- [TO DO]:
The line with "this 1280×1708 image." marks the start; write out that line and all following lines through the end of the listing, exactly.

- [GIVEN RECORDS]:
__________
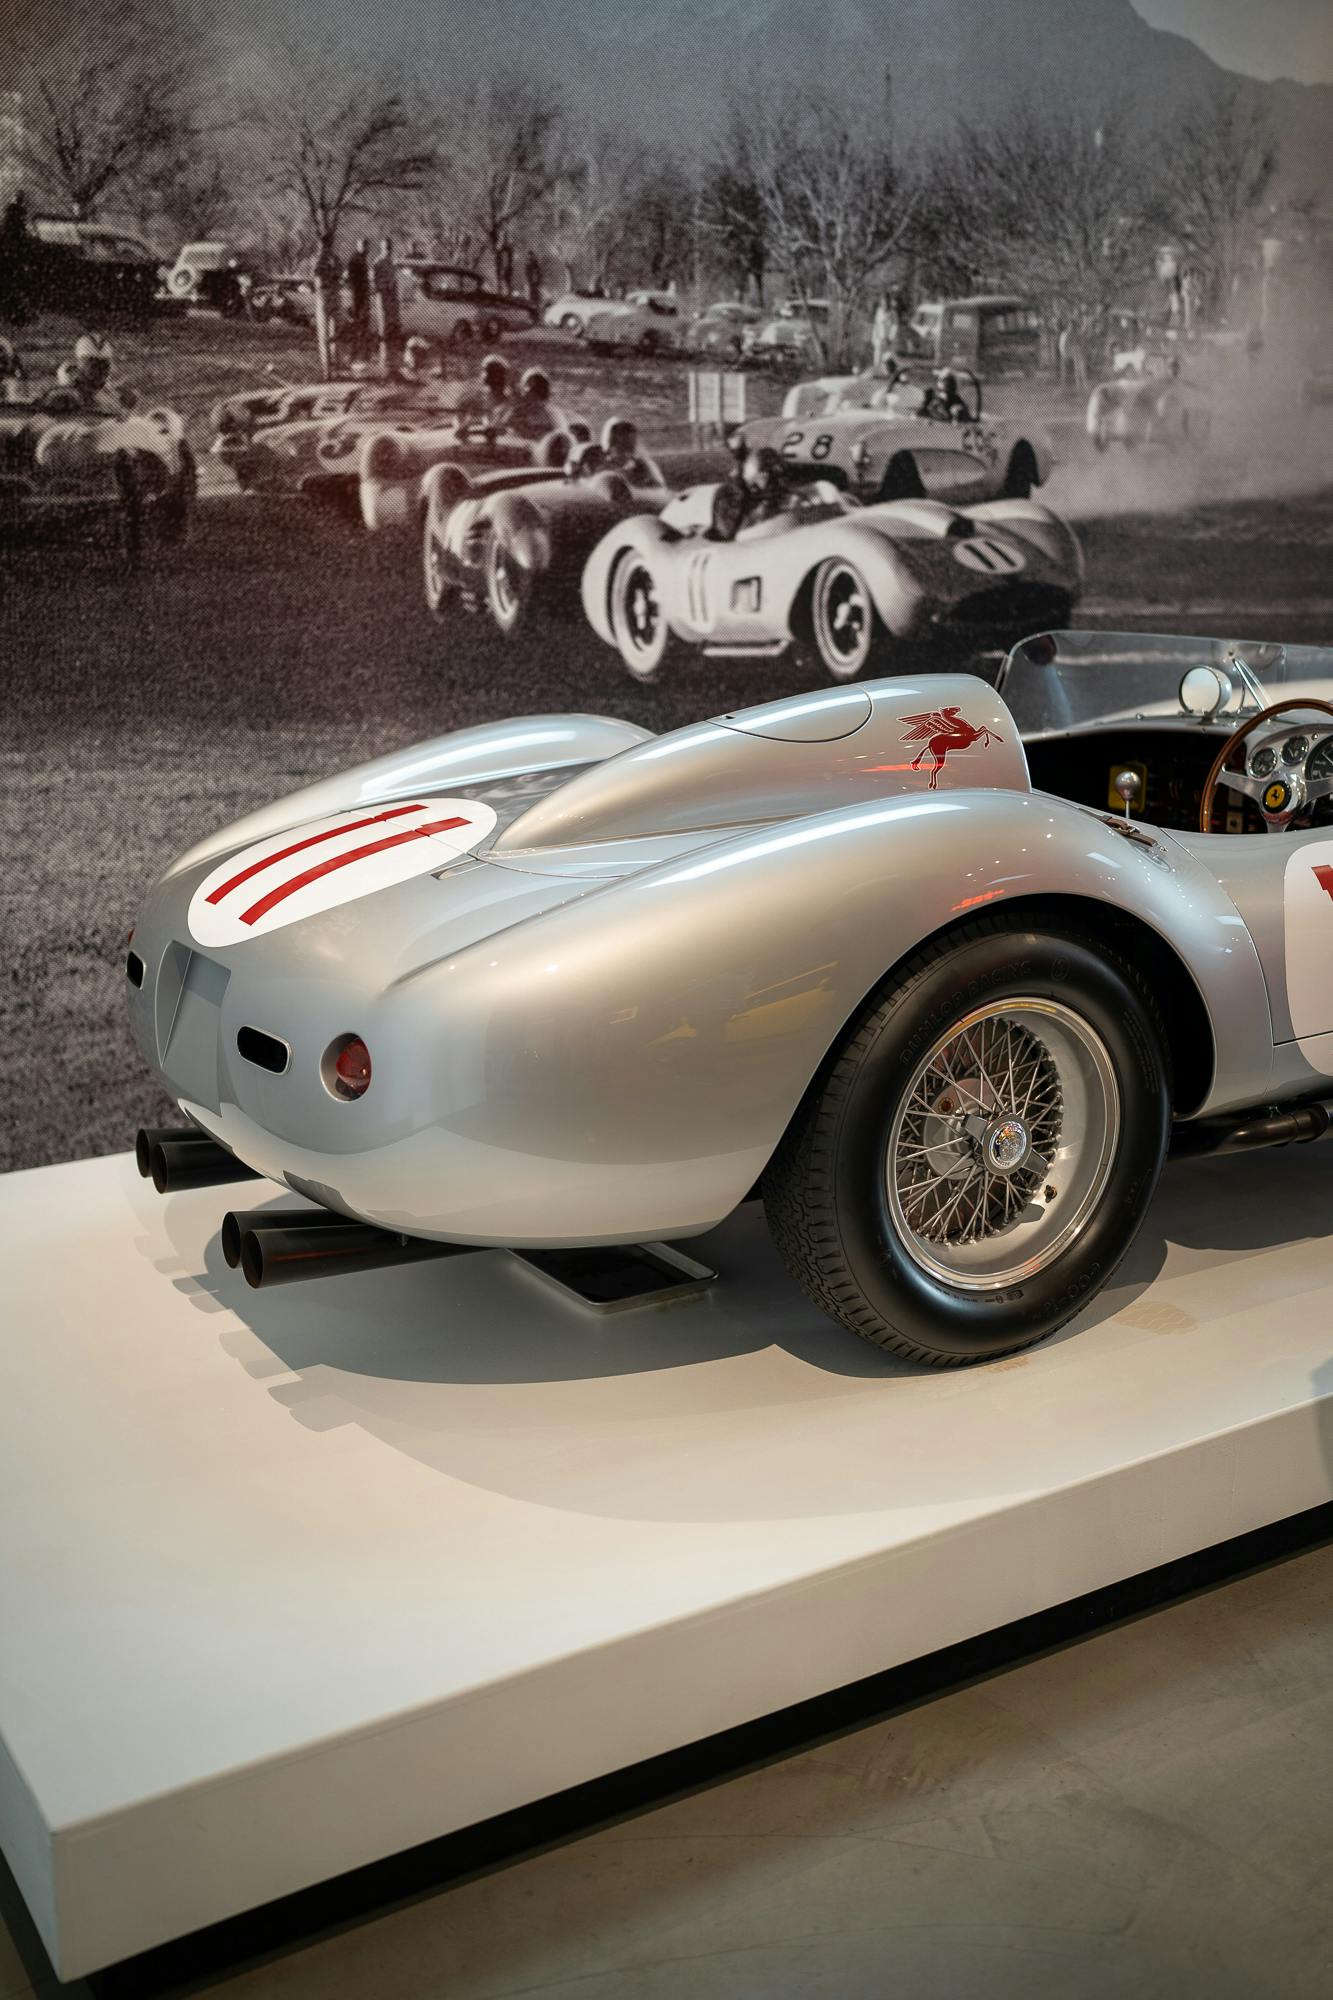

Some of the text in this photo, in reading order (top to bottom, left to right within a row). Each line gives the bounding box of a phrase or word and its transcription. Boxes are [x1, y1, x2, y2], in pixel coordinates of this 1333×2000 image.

[782, 432, 833, 461] 28
[964, 541, 1017, 570] 11
[205, 804, 473, 926] 11
[898, 991, 966, 1066] DUNLOP
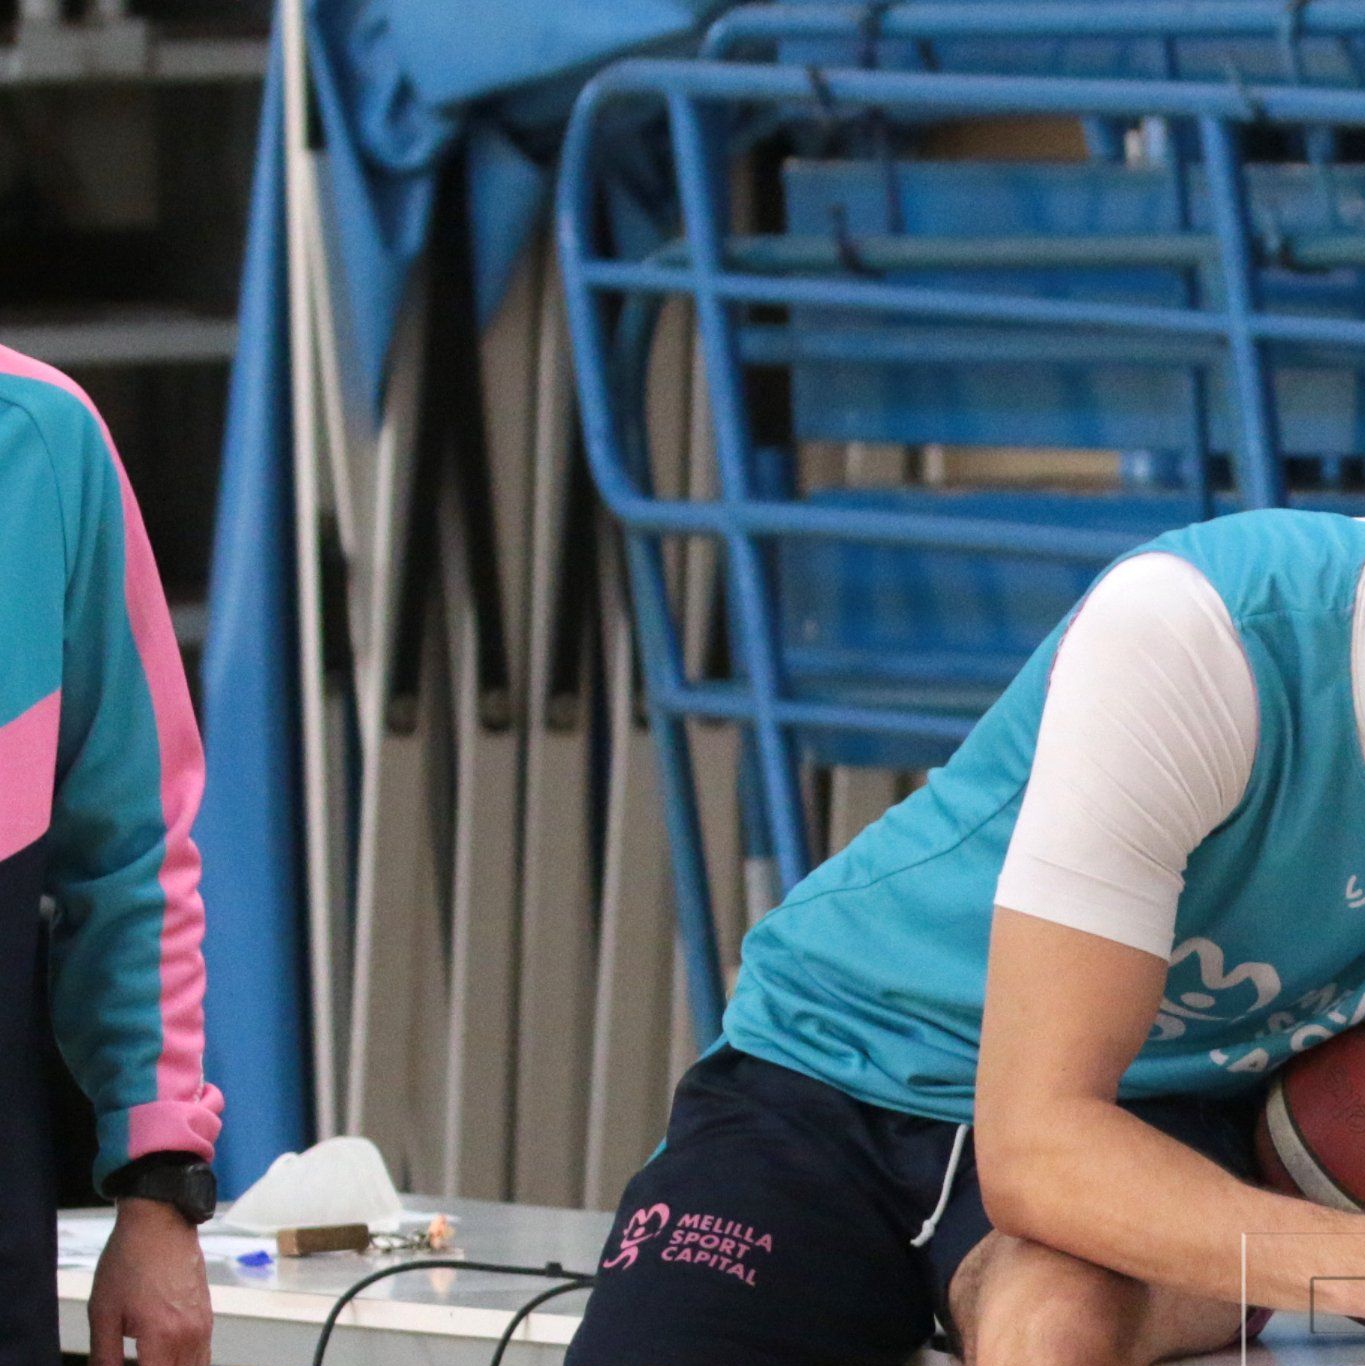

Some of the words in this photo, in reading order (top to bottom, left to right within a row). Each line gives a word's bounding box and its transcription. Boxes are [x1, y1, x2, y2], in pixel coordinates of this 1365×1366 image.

[669, 1229, 750, 1259] SPORT
[677, 1213, 773, 1253] MELILLA
[661, 1247, 756, 1287] CAPITAL
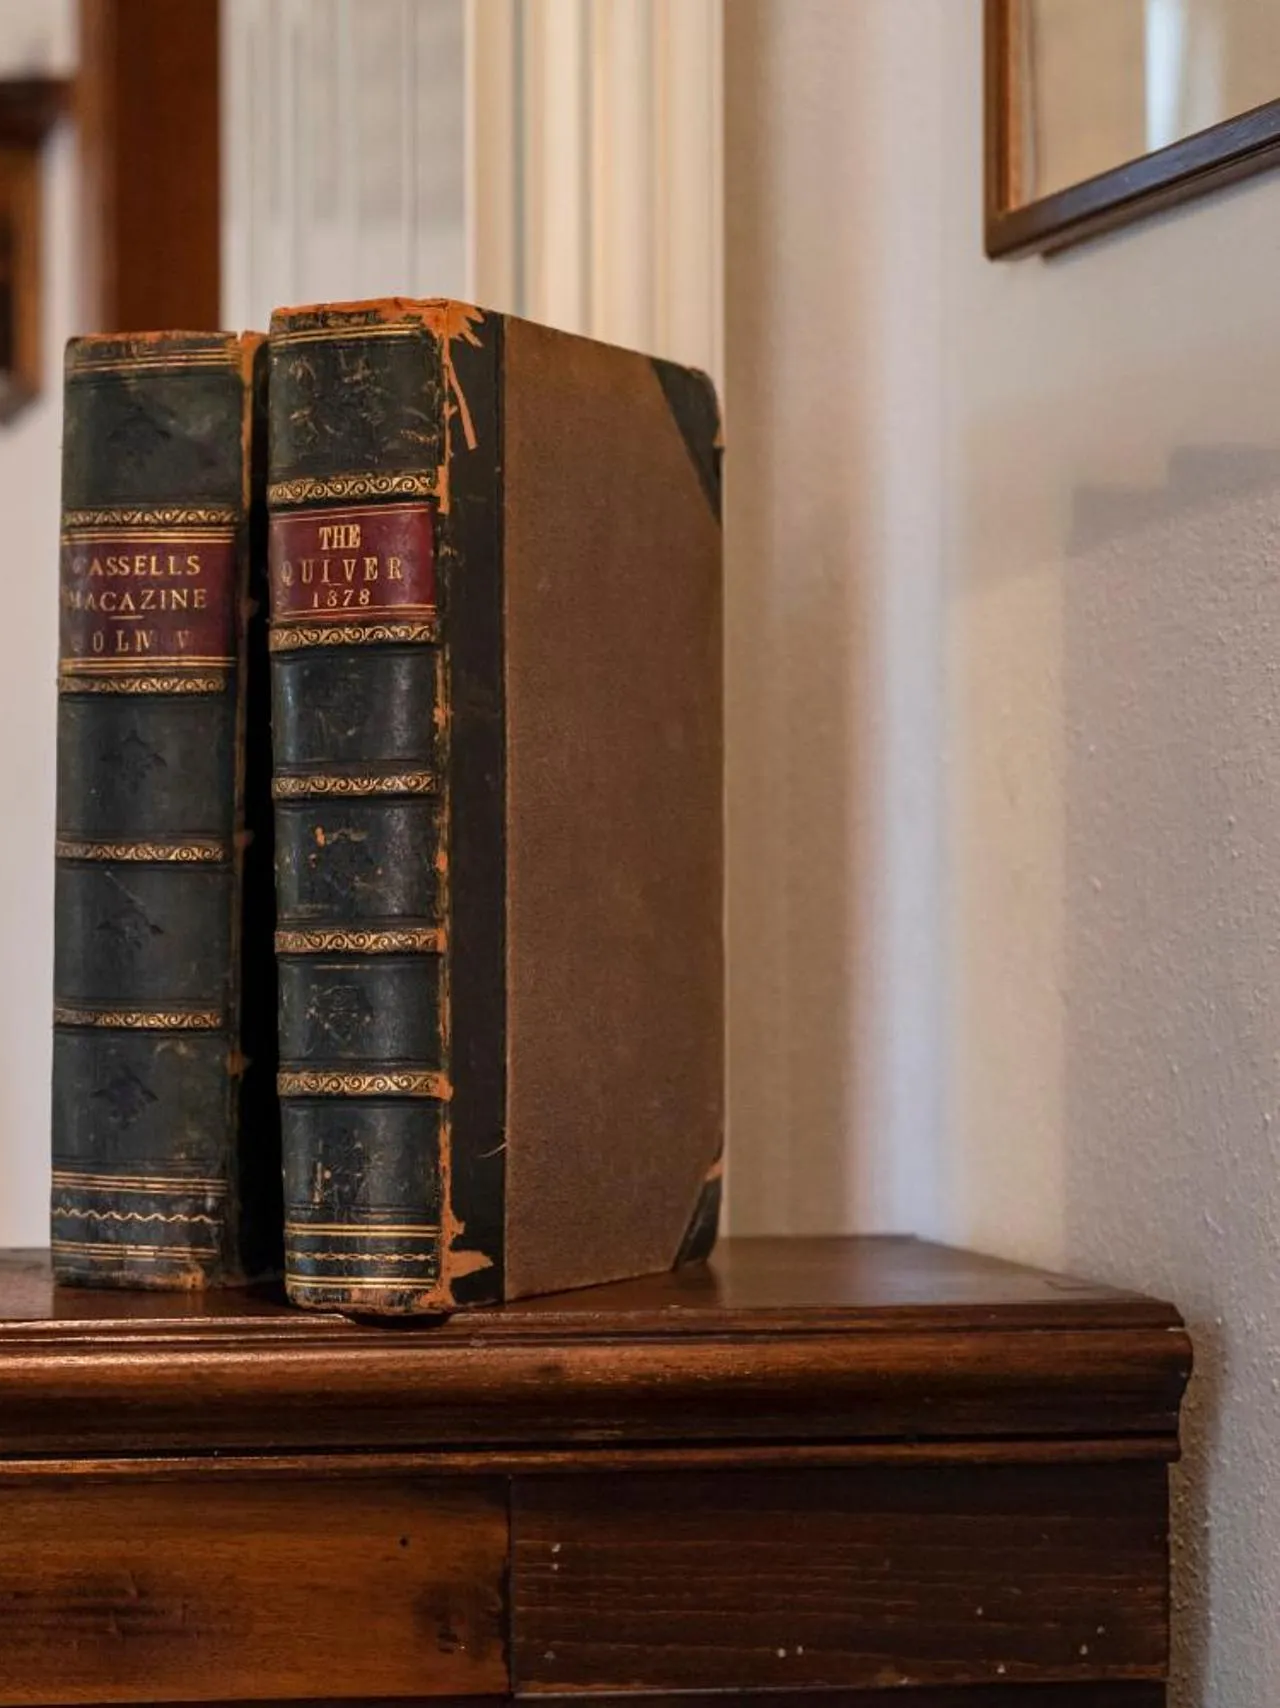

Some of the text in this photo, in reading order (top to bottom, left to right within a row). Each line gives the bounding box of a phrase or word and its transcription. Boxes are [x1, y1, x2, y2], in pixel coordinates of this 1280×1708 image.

[318, 523, 362, 551] THE
[280, 555, 404, 587] QUIVER
[312, 587, 371, 609] 1878
__________
- [COMPLETED TASK]:
Some of the text in this photo, in reading order (top to bottom, left to right within a row). Each line gives the bounding box of a phrase or word and its transcription. Boxes are [x1, y1, x2, y2], in pixel coordinates of this 1280×1708 image.

[318, 523, 362, 551] THE
[280, 555, 404, 587] QUIVER
[312, 587, 371, 609] 1878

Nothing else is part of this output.